Mireia finisce di contare i soldi, cinque minuti prima delle tre, ma io sono già lì, le dico che può andarsene prima, non c’è problema. Lei corre a cambiarsi. La sloggo dal sistema, mi loggo io, preparo la lista degli arrivi, la carta delle stampanti, le penne per le firme dei moduli. C’è tutto. Quando ho finito, sposto lo sguardo oltre il bancone verde del desk e la vedo sbucare dal corridoio laterale, a passi sonori nonostante le suole di gomma. Ora mi sorride, ma è diverso, un velo di colore le illumina la faccia, forse una speranza c’è. Mi augura una buona giornata con quel che le resta della voce, mi dà dei consigli su chi chiamare per i send-out. Ringrazio, sorrido anch’io, ma solo per abitudine.

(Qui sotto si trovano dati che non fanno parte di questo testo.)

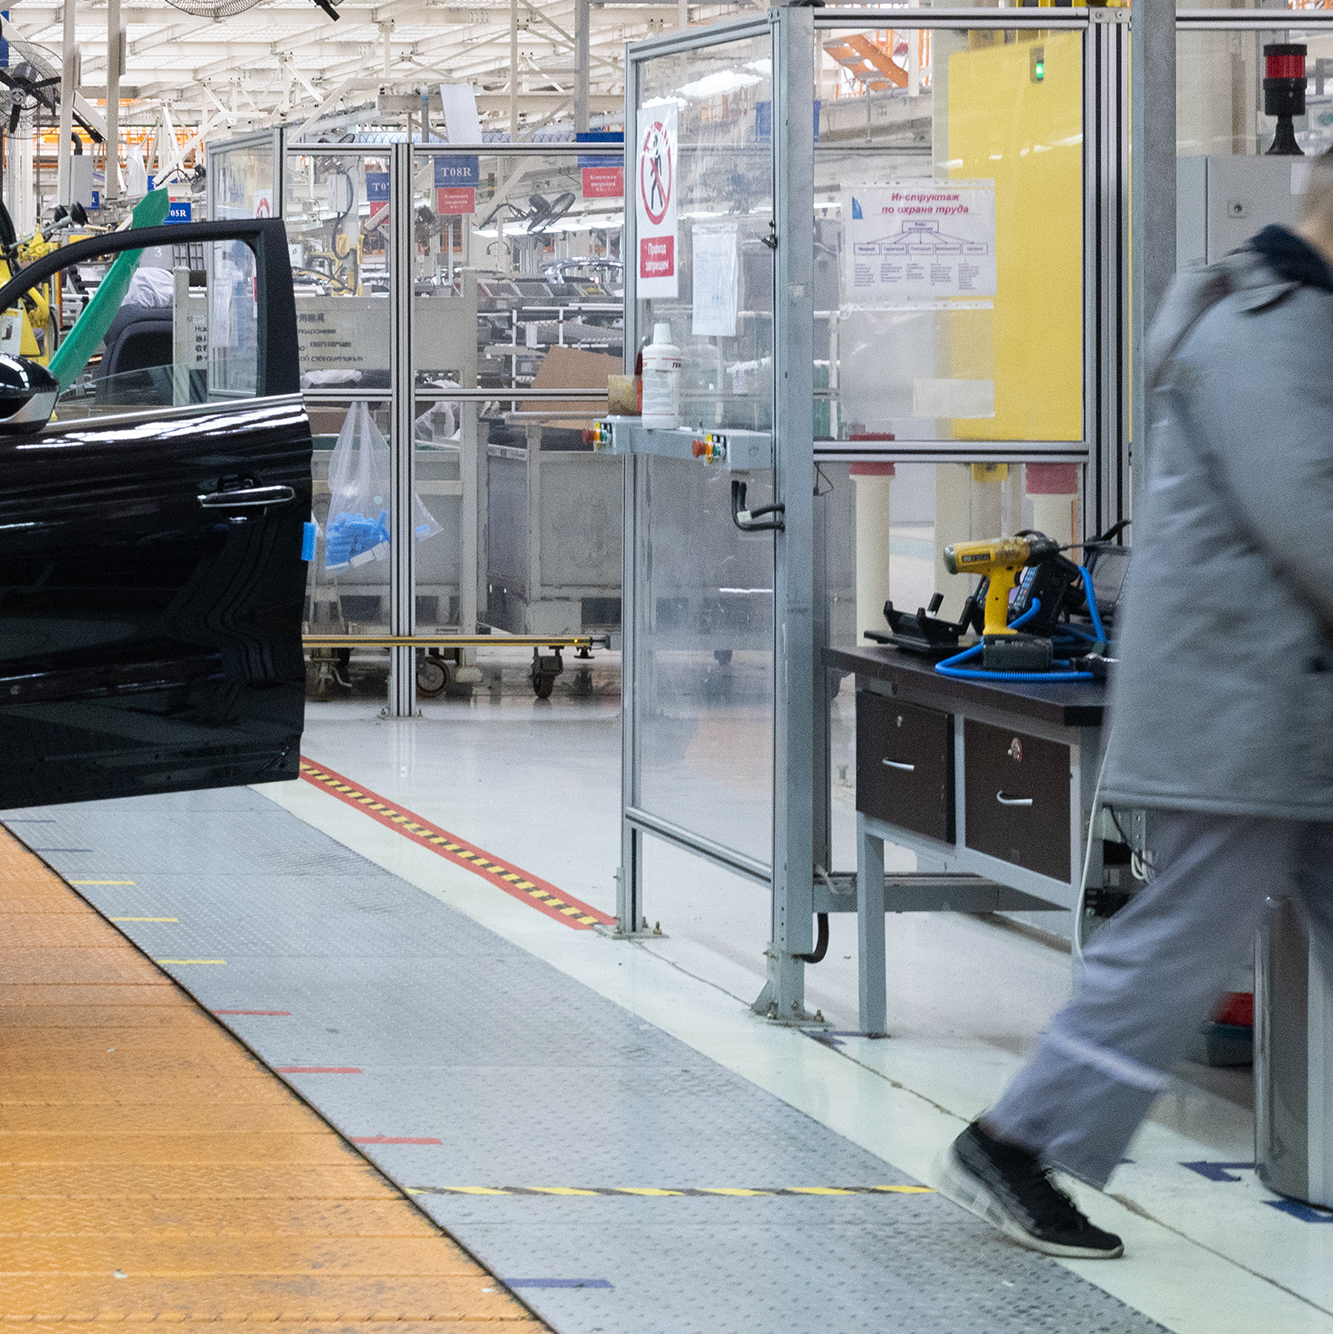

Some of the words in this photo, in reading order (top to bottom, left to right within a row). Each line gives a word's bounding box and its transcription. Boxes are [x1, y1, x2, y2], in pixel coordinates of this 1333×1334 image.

[440, 167, 472, 177] T08R
[168, 209, 187, 217] 05R
[935, 205, 969, 215] труда
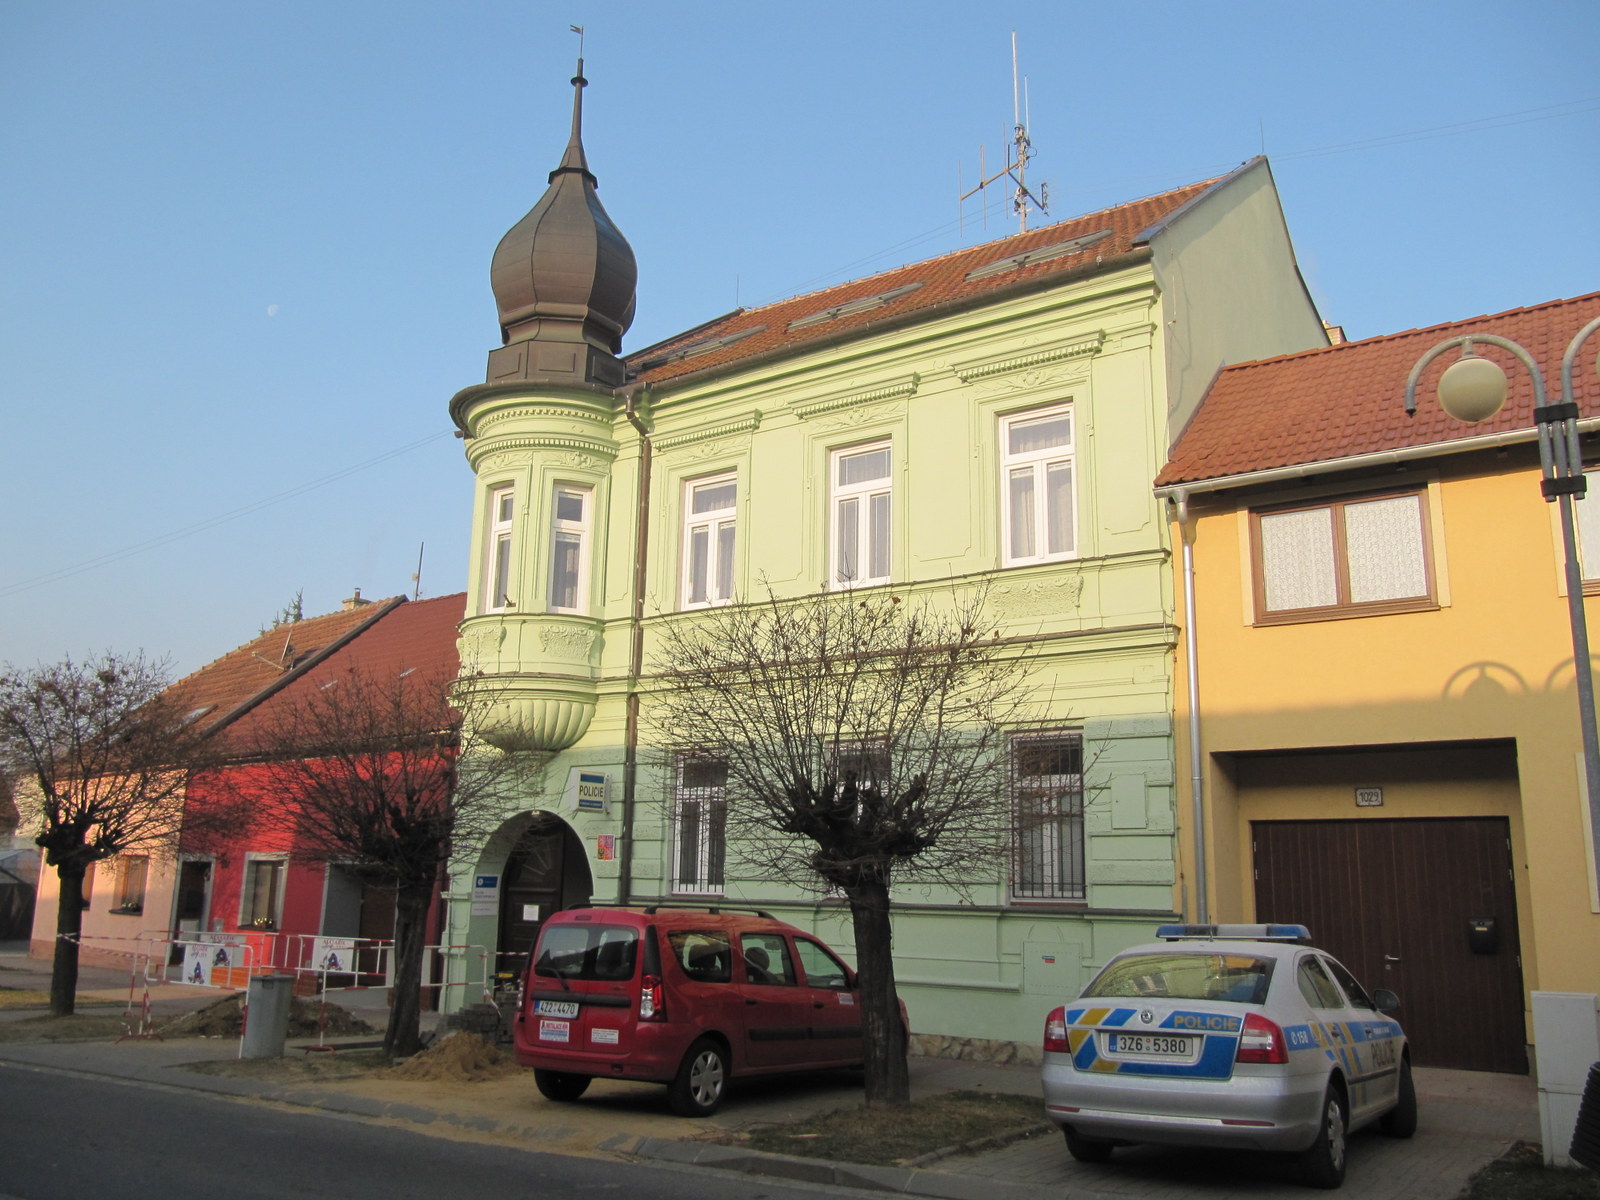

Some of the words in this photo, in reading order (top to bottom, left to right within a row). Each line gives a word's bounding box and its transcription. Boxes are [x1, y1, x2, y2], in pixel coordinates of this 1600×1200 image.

[579, 785, 603, 797] POLICIE
[1360, 791, 1379, 802] 1029
[557, 1003, 575, 1015] 4470
[1174, 1015, 1239, 1032] POLICIE
[1120, 1037, 1142, 1051] 3Z6
[1153, 1039, 1186, 1053] 5380
[1371, 1040, 1395, 1067] POLICIE
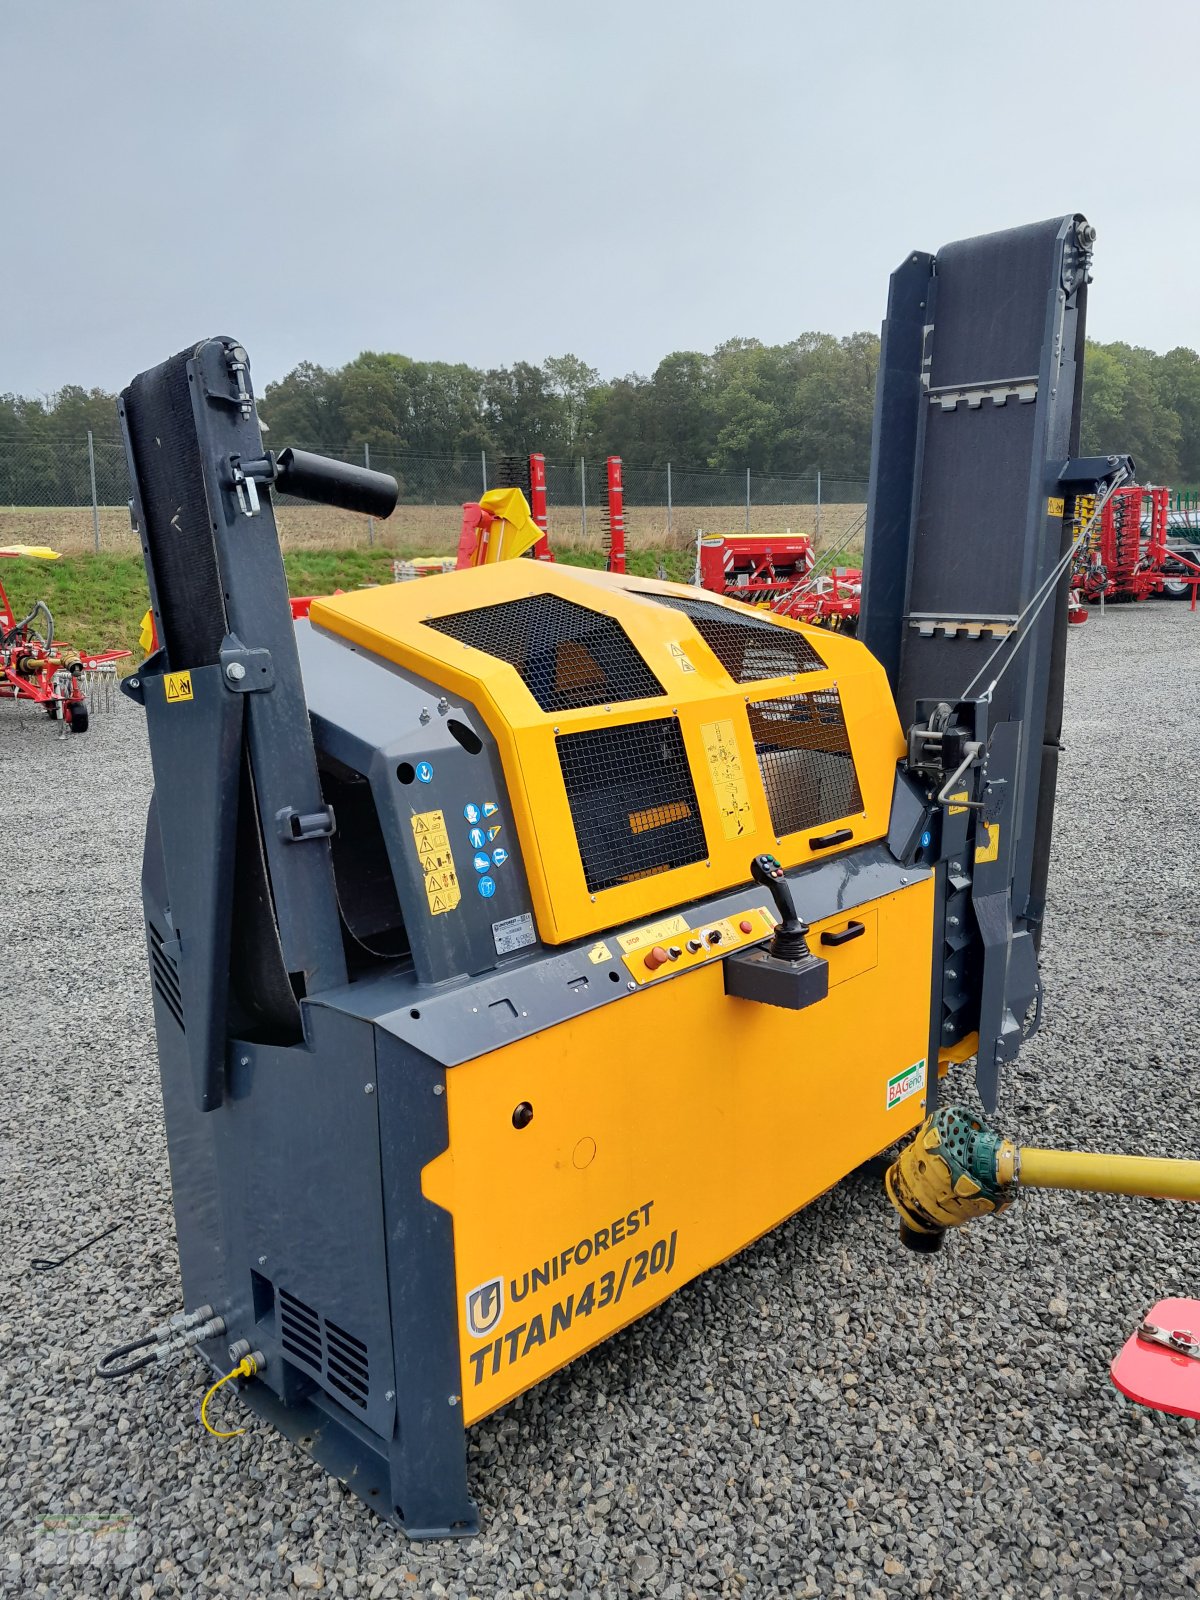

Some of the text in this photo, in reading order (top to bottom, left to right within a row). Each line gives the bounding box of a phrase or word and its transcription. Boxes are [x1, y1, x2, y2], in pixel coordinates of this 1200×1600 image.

[626, 936, 640, 946] STOP
[889, 1075, 922, 1102] BAGeno
[510, 1200, 654, 1303] UNIFOREST

To send-out: mandare i clienti che hanno una prenotazione da noi a dormire da qualche altra parte. Pratica delicata, può evolvere creando casini le cui ripercussioni proseguono per giorni, settimane. Chi deve pagare la fattura? E il trasporto? E se il cliente decide di non tornare da noi? O se l’hotel dove l’abbiamo mandato non gli piace e ritorna qui perché ne vuole un altro? Non c’è una risposta, si valuta caso per caso. Bisogna telefonare agli alberghi della lista, che non fanno sovrapprezzi o altri maneggi, questa è la procedura. Ciò che non si fa per procedura, in questo hotel si fa per consuetudine. E nessuno osa sfidare la consuetudine, la cui codifica ha richiesto lo sforzo congiunto di generazioni di receptionist transitati qui. Ora è in una cartella sotto ai piedi, con SEND-OUT scritto in nero. Perché non hai fatto come tutti gli altri? Sentirsi porgere questa domanda precede di qualche istante il licenziamento. È vero, l’ho visto succedere. Al cliente va offerta la soluzione, non il problema, la consuetudine dice questo. Giusto un attimo prima che abbia il tempo di capire: non troppo prima perché l’hotel chiamato potrebbe avere momentanea disponibilità, e dopo dieci minuti essere pieno, né dopo, quando è già da noi, e non abbiamo niente da proporgli, e alza la voce come un ossesso.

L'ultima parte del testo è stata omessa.